It is further contended that the delay was not the result of any cause specified in the contract provisions, but the appellant does not question the excusability of the delay if it was caused by Fenestra's failure to deliver the window walls, and hence it is unnecessary to consider whether the manufacturer's failure to deliver the particular materials specified was an excusable delay in the absence of a special contractual provision, Simpson Bros. Corporation v. John R. White & Son, C.C., 187 F. 418, 424(3); Anno., 152 A.L.R. 1349, 1391--1392 (1944); 17A C.J.S. Contracts § 505(2), pp. 800--801, and we need not pursue the meaning of the phrase 'causes beyond the Contractor's control.' See Carolina Spruce Co. v. Black Mountain R. Co., 139 Tenn. 137, 201 S.W. 154, 156. The appellant's claim in this respect is that the delay was caused by the plaintiff's failure to have a large enough crew of workmen on the job to complete it on time, and not by the late delivery of materials.

This point is not without substance. Mr. Amspacher, the architect, testified that during the month of October 1961 complaint was made by the defendant concerning the progress of the job, and Mr. Williams, the plaintiff's foreman at Marionville, said he was not given sufficient personnel to get the job done 'as quickly as he would like to.' Mr.

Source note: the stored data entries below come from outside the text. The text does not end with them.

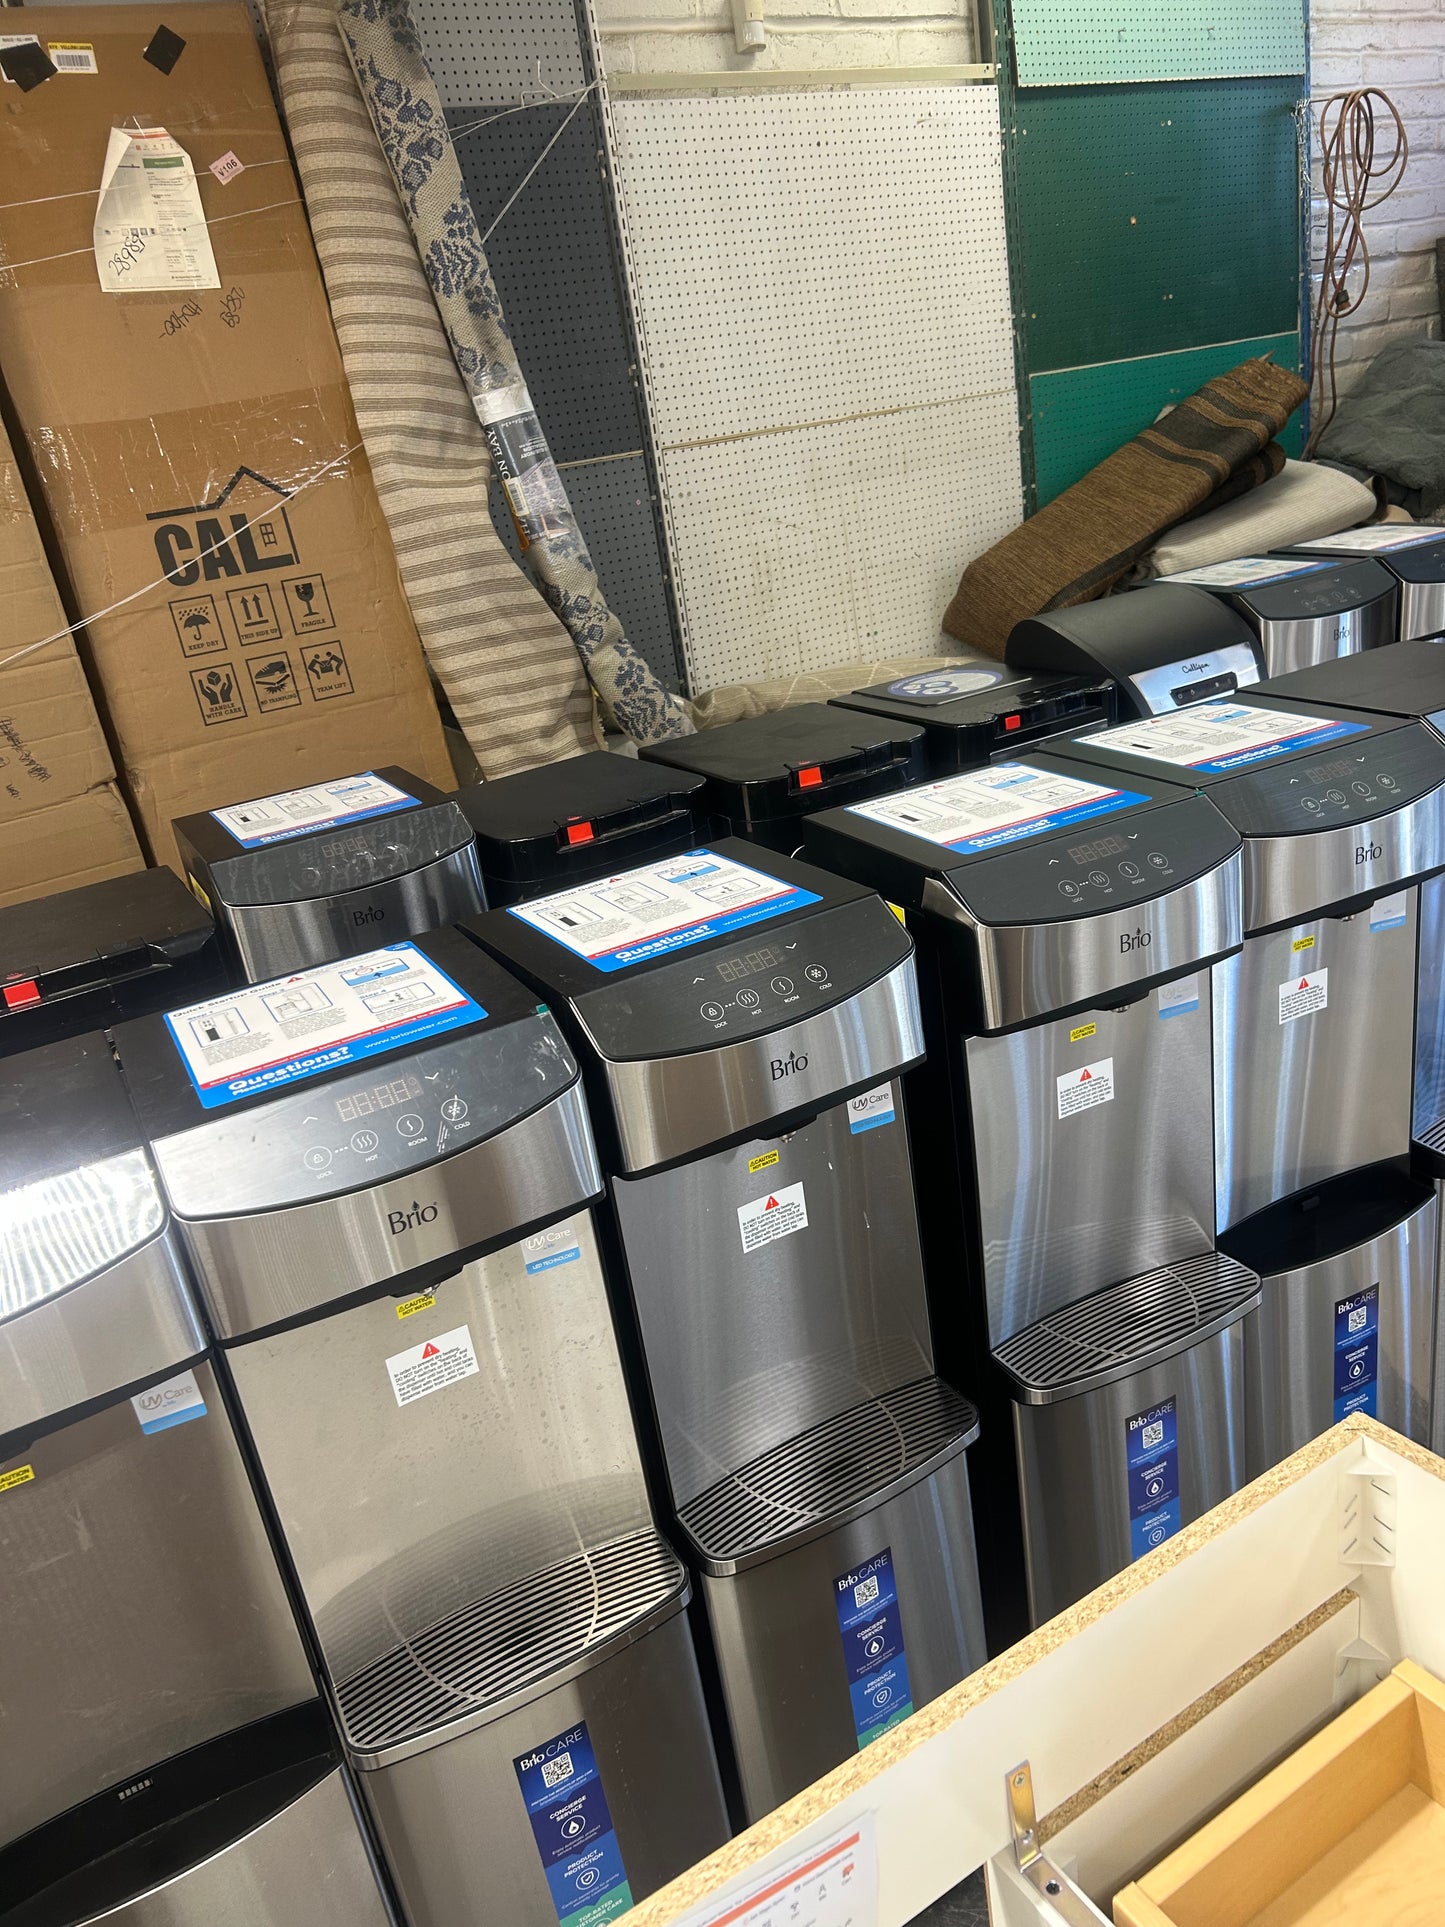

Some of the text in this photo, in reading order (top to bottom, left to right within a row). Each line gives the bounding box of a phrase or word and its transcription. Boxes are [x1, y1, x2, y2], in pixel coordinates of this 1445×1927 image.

[218, 158, 238, 176] V106
[108, 234, 145, 276] 28989
[486, 428, 502, 456] BAY
[154, 513, 294, 587] CAL
[301, 618, 326, 628] FRAGILE
[1333, 625, 1350, 641] Brio
[1182, 663, 1210, 674] Culligan
[206, 708, 242, 720] WITH CARE
[209, 702, 234, 712] HANDLE
[965, 818, 1054, 845] Questions?
[1354, 840, 1382, 865] Brio
[1131, 877, 1146, 885] ROOM
[353, 905, 384, 928] Brio
[612, 924, 713, 960] Questions?
[1120, 927, 1152, 954] Brio
[172, 981, 281, 1017] Quick Startup Guide
[714, 982, 832, 1030] LOCK HOT ROOM COLD
[363, 1015, 458, 1049] www.briowater.com
[1076, 1024, 1095, 1034] CAUTION
[227, 1045, 351, 1092] Questions?
[770, 1050, 808, 1080] Brio
[231, 1080, 268, 1095] Please
[268, 1073, 291, 1083] visit
[291, 1067, 310, 1076] our
[853, 1092, 889, 1110] UV Care
[316, 1121, 471, 1180] LOCK HOT ROOM COLD
[754, 1152, 777, 1165] CAUTION
[762, 1158, 776, 1167] WATER
[387, 1200, 438, 1236] Brio
[526, 1228, 571, 1250] UV Care
[532, 1252, 576, 1270] LED TECHNOLOGY
[402, 1300, 432, 1316] HOT WATER
[404, 1295, 433, 1310] CAUTION
[1338, 1289, 1376, 1314] Brio CARE
[399, 1367, 411, 1375] order
[417, 1357, 433, 1367] prevent
[403, 1371, 413, 1379] NOT
[417, 1366, 436, 1378] switches
[451, 1355, 461, 1363] back
[163, 1385, 193, 1401] Care
[399, 1389, 410, 1397] have
[401, 1390, 420, 1401] dispense
[421, 1384, 433, 1392] water
[445, 1373, 457, 1382] water
[406, 1377, 425, 1388] dispenser
[1130, 1402, 1174, 1431] Brio CARE
[0, 1468, 30, 1484] AUTION
[1140, 1461, 1168, 1478] CONCIERGE
[1144, 1468, 1164, 1480] SERVICE
[7, 1475, 30, 1486] WATER
[1142, 1515, 1171, 1532] PROTECTION
[838, 1554, 888, 1592] Brio CARE
[856, 1617, 887, 1639] CONCIERGE
[862, 1624, 884, 1641] SERVICE
[864, 1672, 896, 1695] PROTECTION
[866, 1670, 892, 1689] PRODUCT
[520, 1728, 584, 1772] Brio CARE
[549, 1794, 587, 1820] CONCIERGE
[556, 1804, 584, 1822] SERVICE
[564, 1852, 604, 1878] PROTECTION
[567, 1849, 598, 1870] PRODUCT
[578, 1899, 614, 1924] TOP-RATED
[603, 1898, 624, 1916] CARE
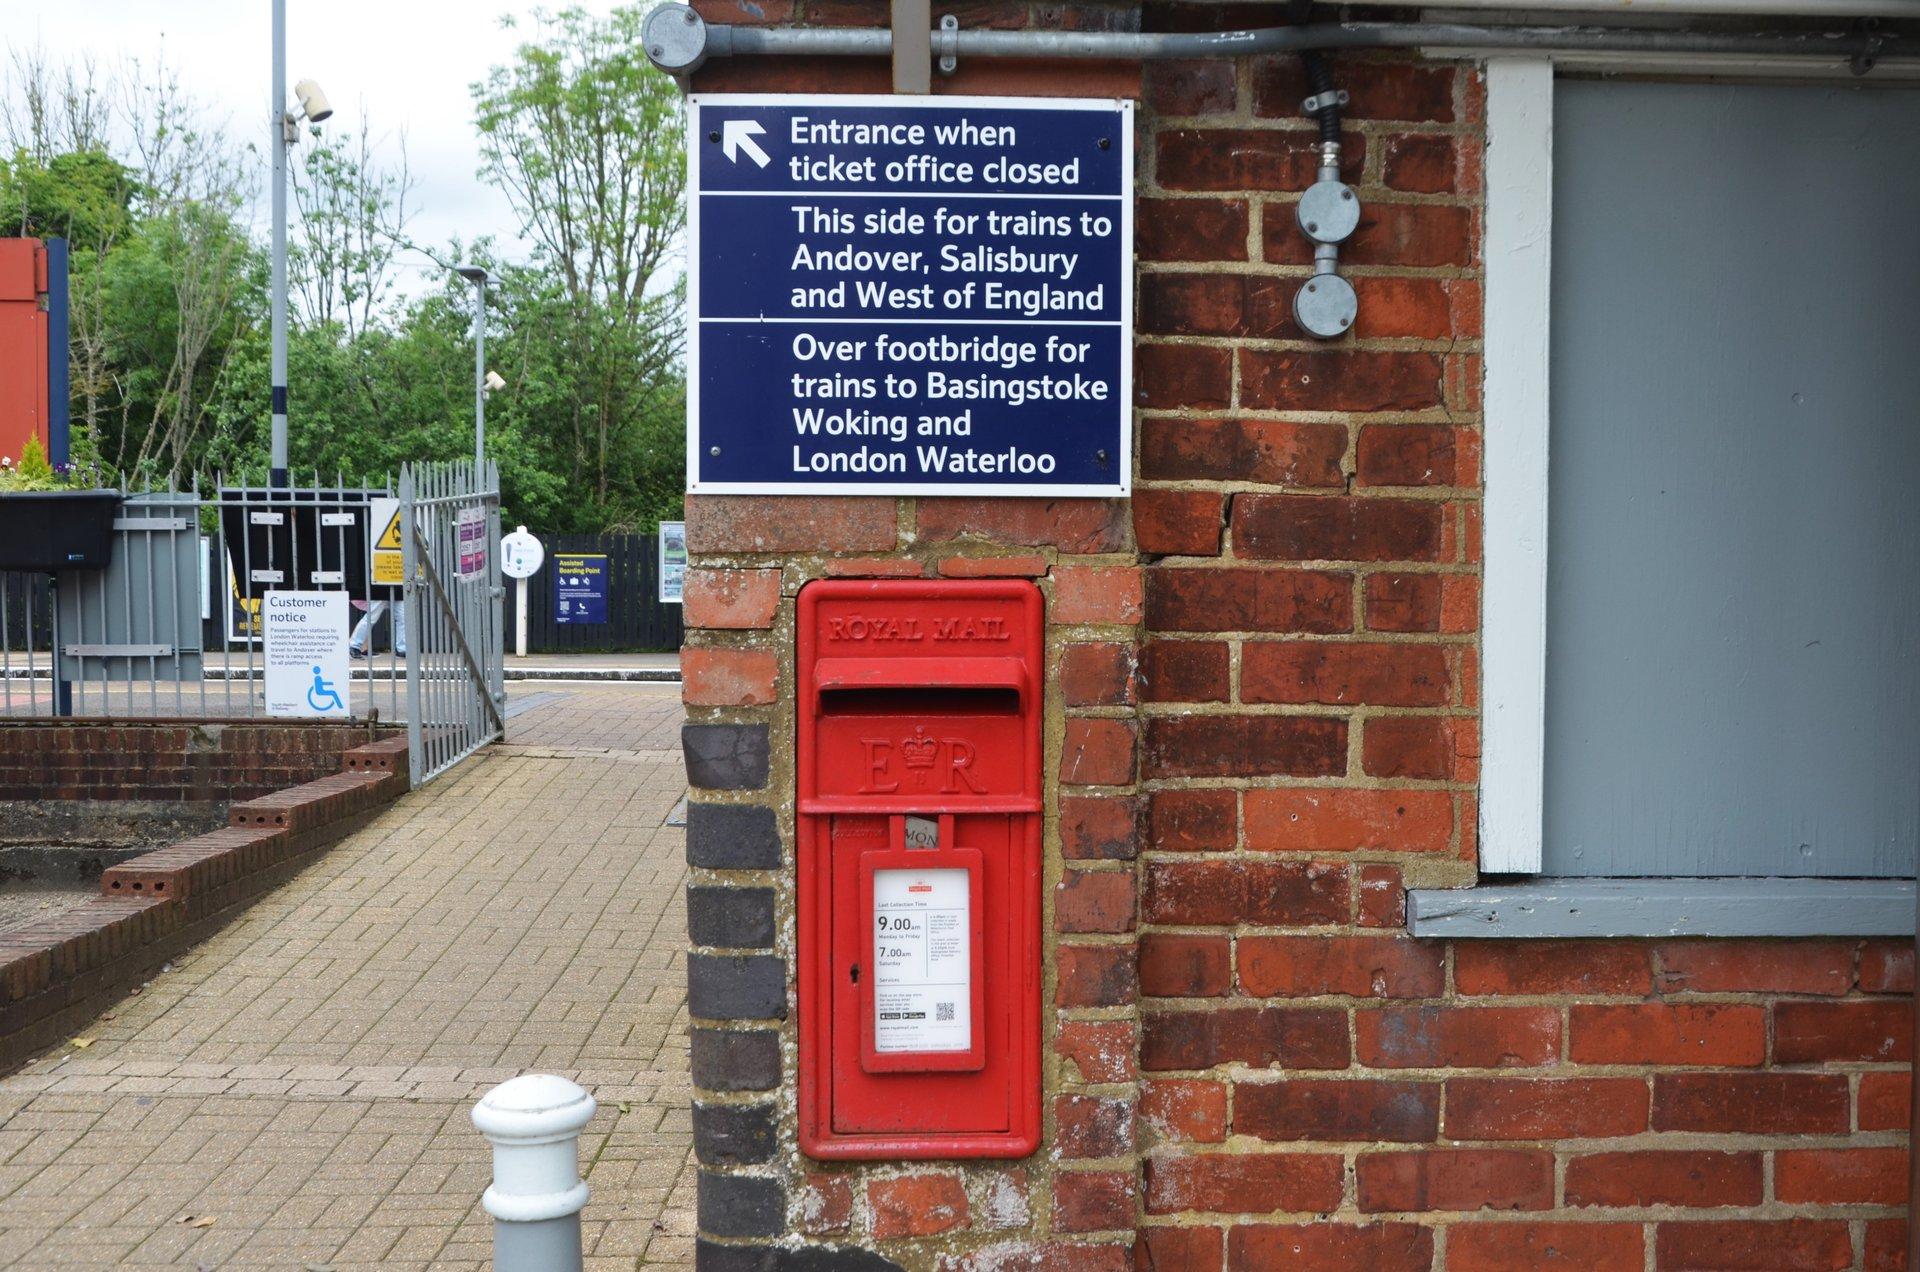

Amspacher also had the opinion that with a large crew of workmen, the job could probably have been finished within a month after the last shipment of window walls arrived, and he testified, in effect, that a good deal of the work which was postponed until the window walls arrived could actually have been completed earlier. A Mr. Wiley, the Superintendent of Schools at Marionville, testified that plaintiff's foreman had complained to him about the shortage of manpower, and Mr. Smart, the School District's secretary, testified similarly. The defendant further subpoenaed the plaintiff's time cards and introduced them in evidence. Counsel claim, with some justification, that these cards show the plaintiff put considerably less effort into the completion of the building after the window walls arrived than it did before they arrived. The defendant also points to various inaccuracies and inconsistencies in the plaintiff's proof that its progress was delayed by rain, and argues that plaintiff's evidence that the delay in completion of the building was caused by Fenestra's failure to ship the window walls and inclement and rainy weather is unworthy of belief. We agree that the plaintiff's proof that it...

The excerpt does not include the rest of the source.